In that day Indiana was still part of the wilderness. Primeval woods stood close to Pidgeon Creek, and not far away were roving bands of Sacs and Sioux, and also wild animals—bears, wildcats, and lynxes. The settlers fought the Indians, and made use of the wild creatures for clothing and food, and to sell at the country stores. The children spent practically all their time out-of-doors, and young Abe Lincoln learned the habits of the wild creatures, and explored the far recesses of the woods.

From his life in the woods the boy became very fond of animals. One day some of the boys at school put a lighted coal on a turtle's back in sport. Abe rescued the turtle, and when he got a chance wrote a composition in school about cruel jokes on animals. It was a good paper, and the teacher had the boy read it before the class. All the boys liked Abe, and they took to heart what he had to say in the matter.

It was a rough sort of life that the children of the early settlers led, and the chances were all in favor of the Lincoln boy growing up to be like his father, a kind-hearted, ignorant, ne'er-do-well type of man. His mother, however, who came of a good Virginia family, had done her best to give him some ambition.
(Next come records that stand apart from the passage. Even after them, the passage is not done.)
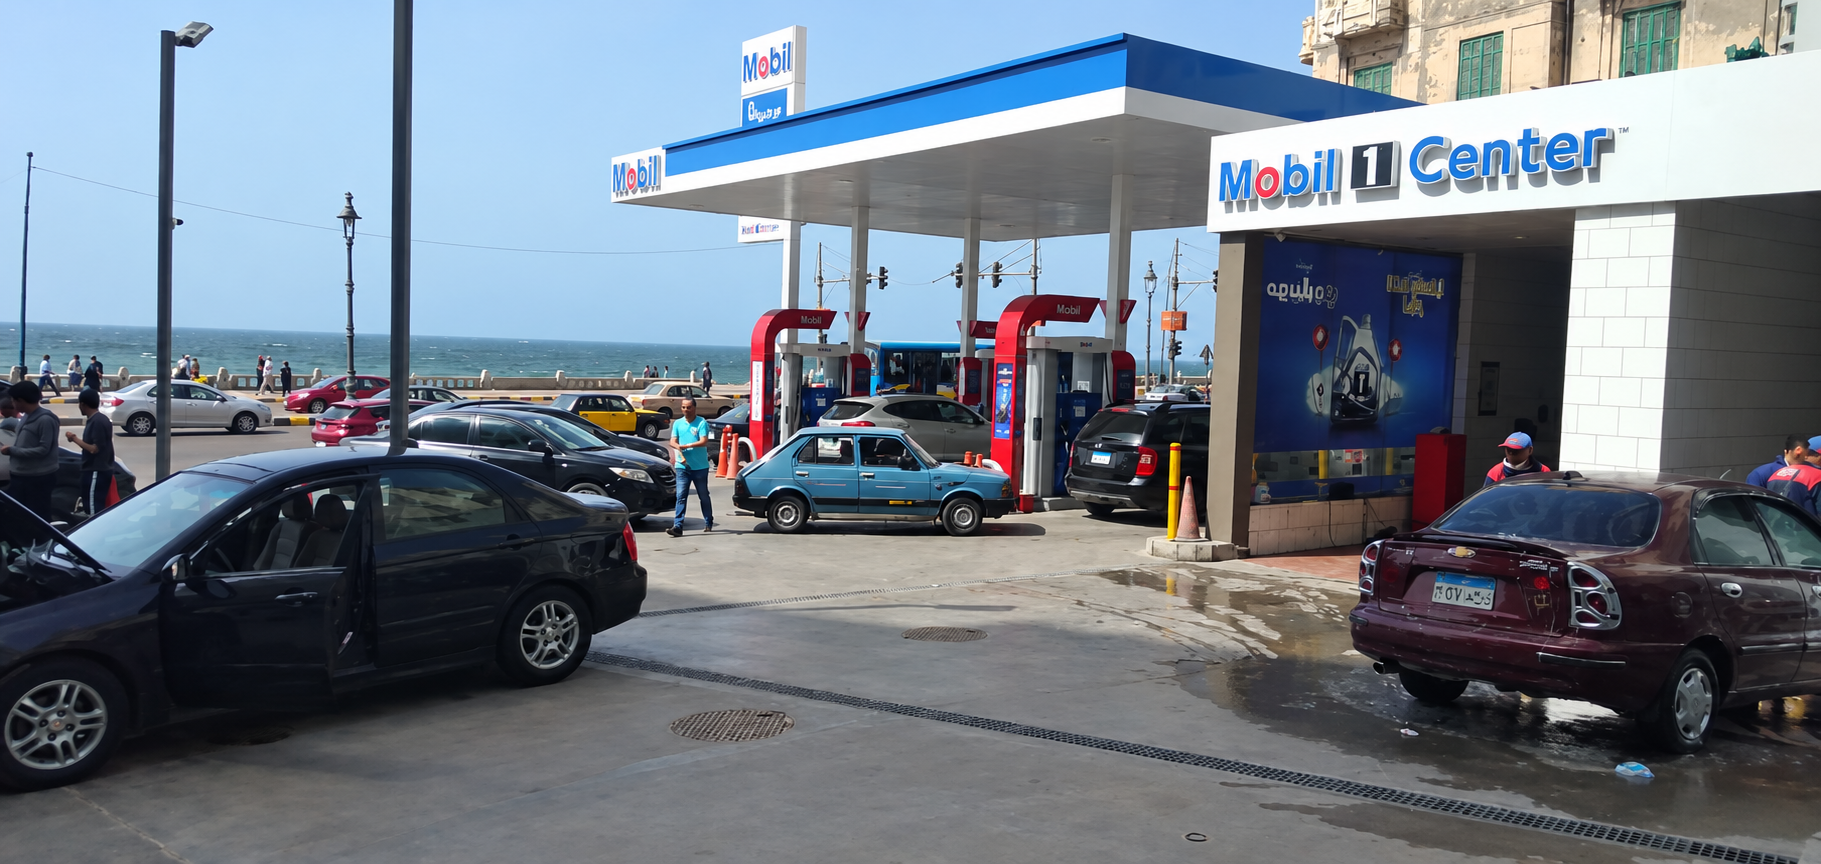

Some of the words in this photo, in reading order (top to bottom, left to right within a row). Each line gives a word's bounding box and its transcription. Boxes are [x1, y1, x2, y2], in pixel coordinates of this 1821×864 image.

[743, 41, 792, 82] Mobil
[612, 155, 659, 193] Mobil
[1219, 148, 1340, 202] Mobil
[1409, 127, 1612, 184] Center
[800, 315, 822, 324] Mobil
[1056, 303, 1081, 315] Mobil
Once she had said to him, "Abe, learn all you can, and grow up to be of some account. You've got just as good Virginia blood in you as George Washington had." Abe did not forget that.



Soon after the family moved to Pidgeon Creek his mother died, and a little later a stepmother took her place. This woman soon learned that the boy was not the ordinary type, and kept encouraging him to make something of himself. She was always ready to listen when he read, to help him with his lessons, to cheer him. When he got too old to wear his bearskin suit she told him that if he would earn enough money to get some muslin, she would make him some white shirts, so that he would not be ashamed to go to people's houses. Abe earned the money, and Mrs. Lincoln purchased the cloth and made the shirts. After that Abe cut quite a figure in Gentryville, because he liked people, and knew so many good stories that he was always popular with a crowd.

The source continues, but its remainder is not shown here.